Çünkü kimsenin babasını görmesini istemiyordu belliki.

Yaşlı adam birgün kızına bir soru sordu: 
-"Beni ne kadar seviyorsun cennet kokulum?" dedi titreyen sesiyle. 
-"Senin için canımı verecek kadar" diye cevap veren kızının tekrar televizyondaki filme daldığını gördü. Yaşlı baba bunun alelade bir cevap olduğunu hissetmişti sonra derin bir iç çekti.
Sonra:
- "Bende seni canımı verecek kadar çok ama çok seviyorum" cennet kokulum demişti.

O günlerde kızı bir rahatsızlık geçirmişti baba kız birlikte hastahaneye gittiler. Yapılan testlerden sonra gerekli sonuçlar alınıyor.
fakat,
doktor adama, asıl sen çok hastasın diyor ve kıza dönerek: 
- "Baban çok hasta bugün'den tezi yok ameliyat olması gerekir durumu çok ciddi ve çok geç kalınmış dedi. Yalnız organ nakli yapılması gerekiyor onu kurtarabilmemiz için. Üstelik riskli bir ameliyat masadan kalkmaya bilir'de dedi..

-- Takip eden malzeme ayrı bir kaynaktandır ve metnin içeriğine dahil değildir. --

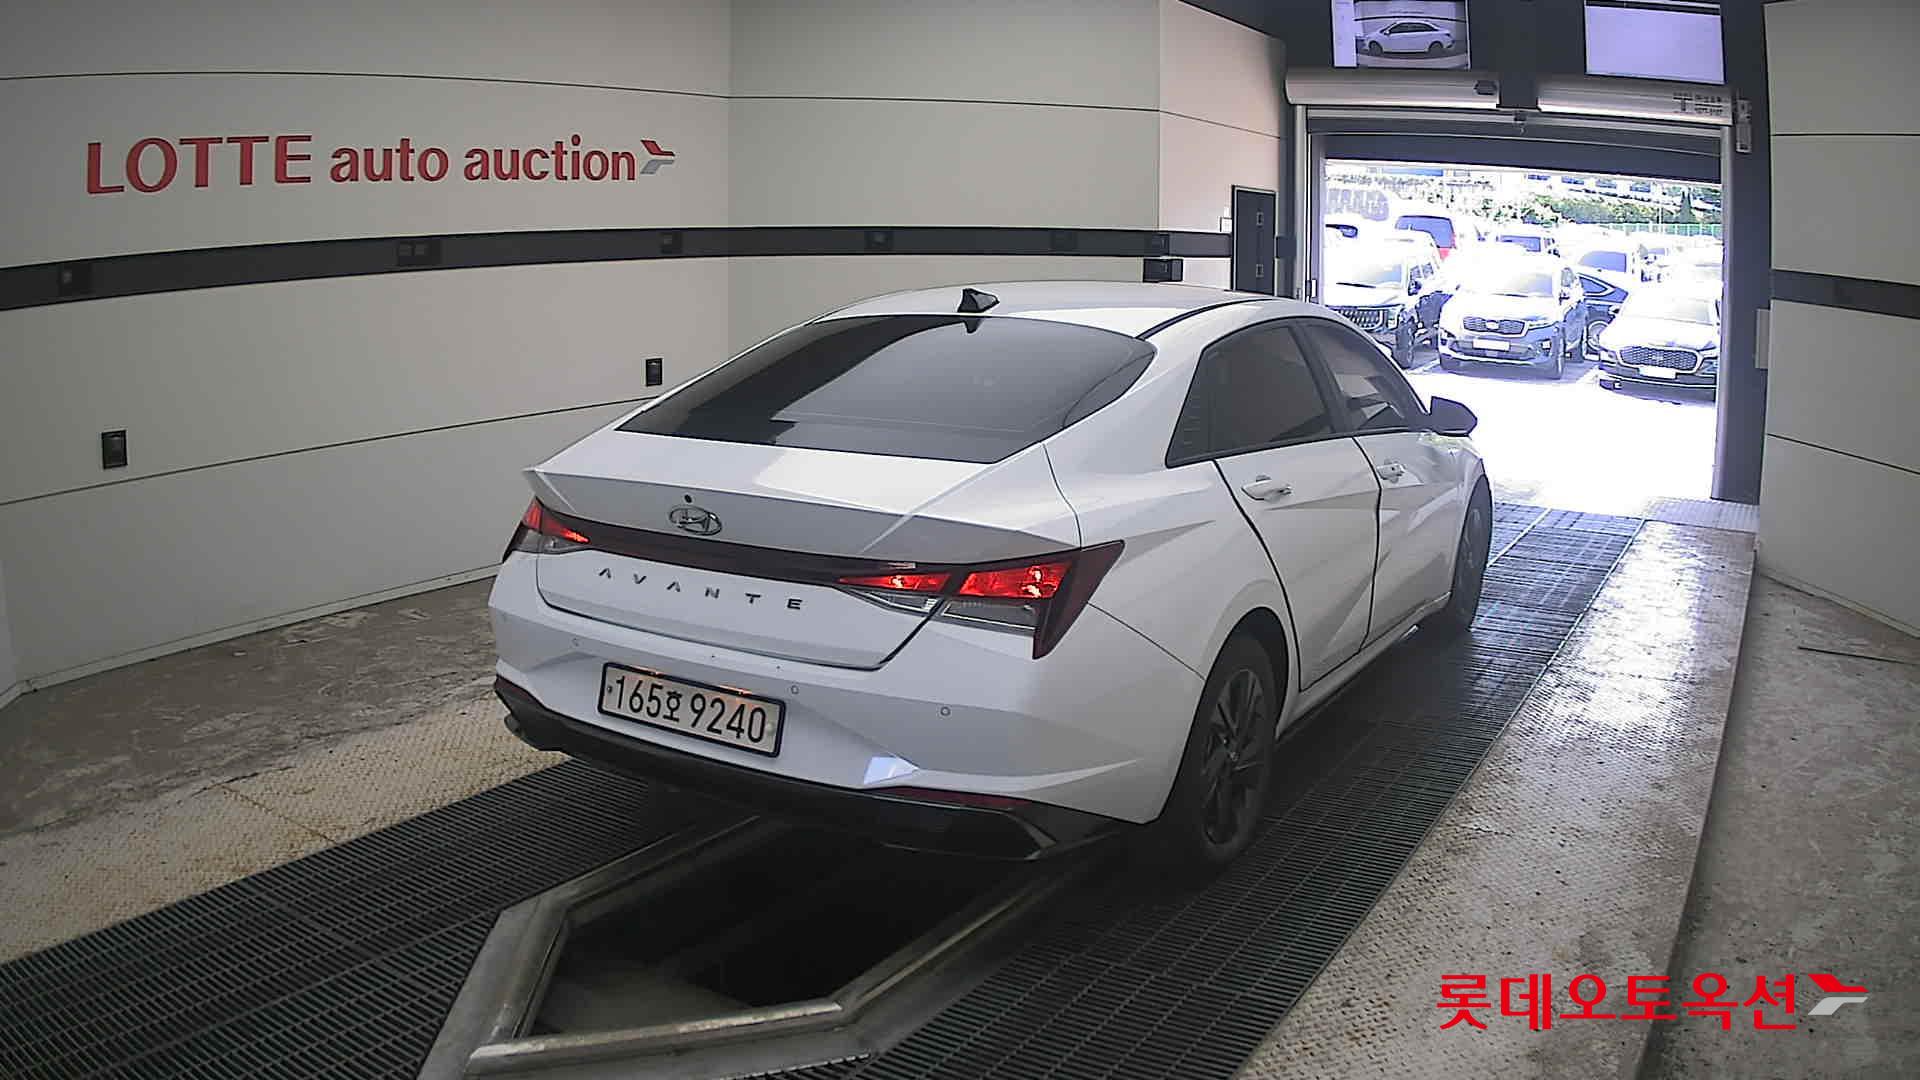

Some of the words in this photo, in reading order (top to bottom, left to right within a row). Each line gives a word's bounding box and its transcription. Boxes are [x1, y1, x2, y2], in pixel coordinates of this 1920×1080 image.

-"Kız önceden olur demişti biranda kabul etti. Sonra ise tereddüt etmeye başlamıştı.
-"Babam zaten yaşlı, ben ise gençliğimin baharındayım düşüncesiyle, ben vazgeçtim dedi doktora.
Sonra baba-kız birlikte çıktılar ve henüz hastahane kapısından çıkmadan genç kız düşüp bayılmıştı.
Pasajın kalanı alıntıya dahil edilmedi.